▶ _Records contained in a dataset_
□ □ □ □
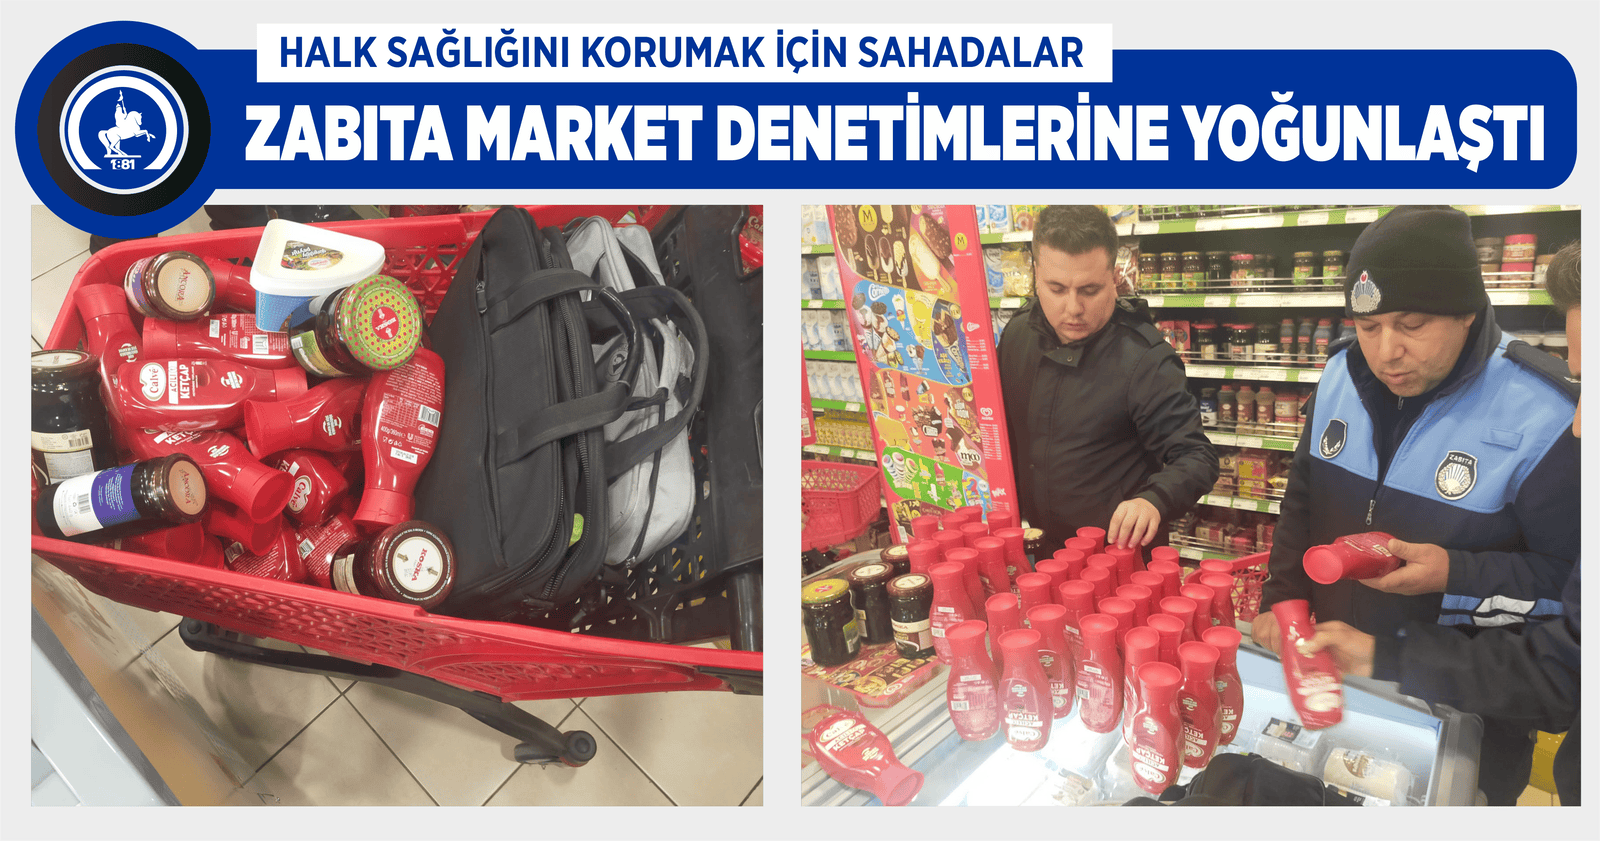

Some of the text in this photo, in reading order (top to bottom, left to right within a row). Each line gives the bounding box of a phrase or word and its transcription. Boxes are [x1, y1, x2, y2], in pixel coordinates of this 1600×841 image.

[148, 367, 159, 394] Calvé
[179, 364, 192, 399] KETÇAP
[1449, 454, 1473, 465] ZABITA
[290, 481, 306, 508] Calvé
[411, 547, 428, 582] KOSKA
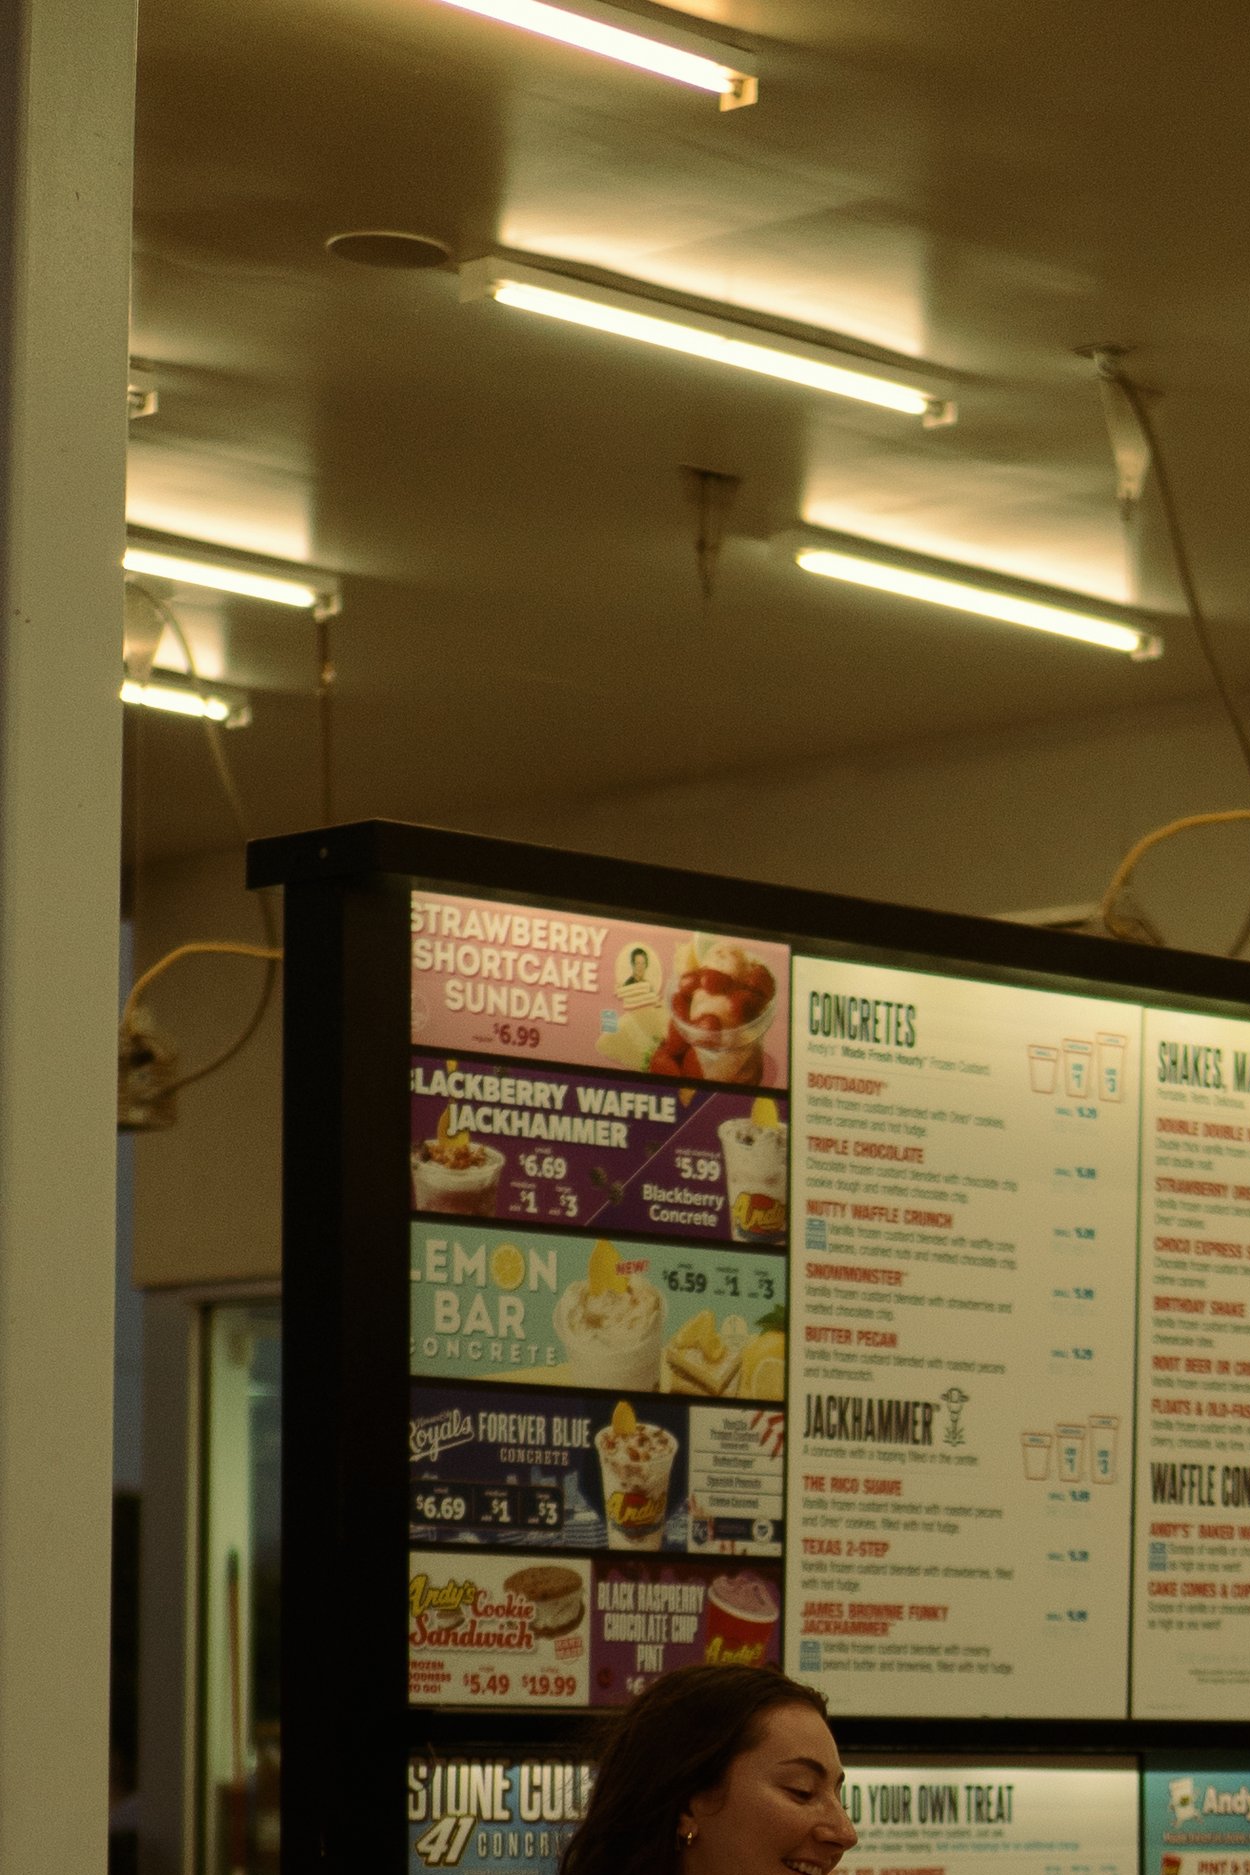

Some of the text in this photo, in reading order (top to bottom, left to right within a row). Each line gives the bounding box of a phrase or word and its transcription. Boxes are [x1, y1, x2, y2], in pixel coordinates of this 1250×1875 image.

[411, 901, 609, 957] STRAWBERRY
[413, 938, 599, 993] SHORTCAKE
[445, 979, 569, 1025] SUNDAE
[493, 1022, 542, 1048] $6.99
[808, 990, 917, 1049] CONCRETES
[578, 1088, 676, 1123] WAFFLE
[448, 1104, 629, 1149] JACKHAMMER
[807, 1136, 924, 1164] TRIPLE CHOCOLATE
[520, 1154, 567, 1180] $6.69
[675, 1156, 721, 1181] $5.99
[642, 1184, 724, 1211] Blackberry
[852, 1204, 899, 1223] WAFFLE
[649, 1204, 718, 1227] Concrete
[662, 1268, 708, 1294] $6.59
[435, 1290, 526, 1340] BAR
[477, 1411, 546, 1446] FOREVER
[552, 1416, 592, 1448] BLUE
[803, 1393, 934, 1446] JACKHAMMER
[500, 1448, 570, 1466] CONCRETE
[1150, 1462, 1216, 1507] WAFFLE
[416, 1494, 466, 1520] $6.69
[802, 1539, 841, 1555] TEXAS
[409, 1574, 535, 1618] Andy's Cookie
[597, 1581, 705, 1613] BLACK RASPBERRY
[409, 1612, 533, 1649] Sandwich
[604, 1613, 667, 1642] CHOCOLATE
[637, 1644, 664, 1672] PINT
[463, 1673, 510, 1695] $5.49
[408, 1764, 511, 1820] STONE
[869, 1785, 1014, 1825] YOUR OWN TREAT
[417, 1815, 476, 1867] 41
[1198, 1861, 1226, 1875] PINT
□ □ □ □
▶ _EXERCISE_
All records are to be reproduced exactly; the pictures are to be omitted.

▶ _RESPONSE AREA_
Some of the text in this photo, in reading order (top to bottom, left to right within a row). Each line gives the bounding box of a phrase or word and its transcription. Boxes are [x1, y1, x2, y2], in pixel coordinates of this 1600×841 image.

[148, 367, 159, 394] Calvé
[179, 364, 192, 399] KETÇAP
[1449, 454, 1473, 465] ZABITA
[290, 481, 306, 508] Calvé
[411, 547, 428, 582] KOSKA

Some of the text in this photo, in reading order (top to bottom, left to right within a row). Each line gives the bounding box of a phrase or word and its transcription. Boxes are [x1, y1, x2, y2], in pixel coordinates of this 1250×1875 image.

[411, 901, 609, 957] STRAWBERRY
[413, 938, 599, 993] SHORTCAKE
[445, 979, 569, 1025] SUNDAE
[493, 1022, 542, 1048] $6.99
[808, 990, 917, 1049] CONCRETES
[578, 1088, 676, 1123] WAFFLE
[448, 1104, 629, 1149] JACKHAMMER
[807, 1136, 924, 1164] TRIPLE CHOCOLATE
[520, 1154, 567, 1180] $6.69
[675, 1156, 721, 1181] $5.99
[642, 1184, 724, 1211] Blackberry
[852, 1204, 899, 1223] WAFFLE
[649, 1204, 718, 1227] Concrete
[662, 1268, 708, 1294] $6.59
[435, 1290, 526, 1340] BAR
[477, 1411, 546, 1446] FOREVER
[552, 1416, 592, 1448] BLUE
[803, 1393, 934, 1446] JACKHAMMER
[500, 1448, 570, 1466] CONCRETE
[1150, 1462, 1216, 1507] WAFFLE
[416, 1494, 466, 1520] $6.69
[802, 1539, 841, 1555] TEXAS
[409, 1574, 535, 1618] Andy's Cookie
[597, 1581, 705, 1613] BLACK RASPBERRY
[409, 1612, 533, 1649] Sandwich
[604, 1613, 667, 1642] CHOCOLATE
[637, 1644, 664, 1672] PINT
[463, 1673, 510, 1695] $5.49
[408, 1764, 511, 1820] STONE
[869, 1785, 1014, 1825] YOUR OWN TREAT
[417, 1815, 476, 1867] 41
[1198, 1861, 1226, 1875] PINT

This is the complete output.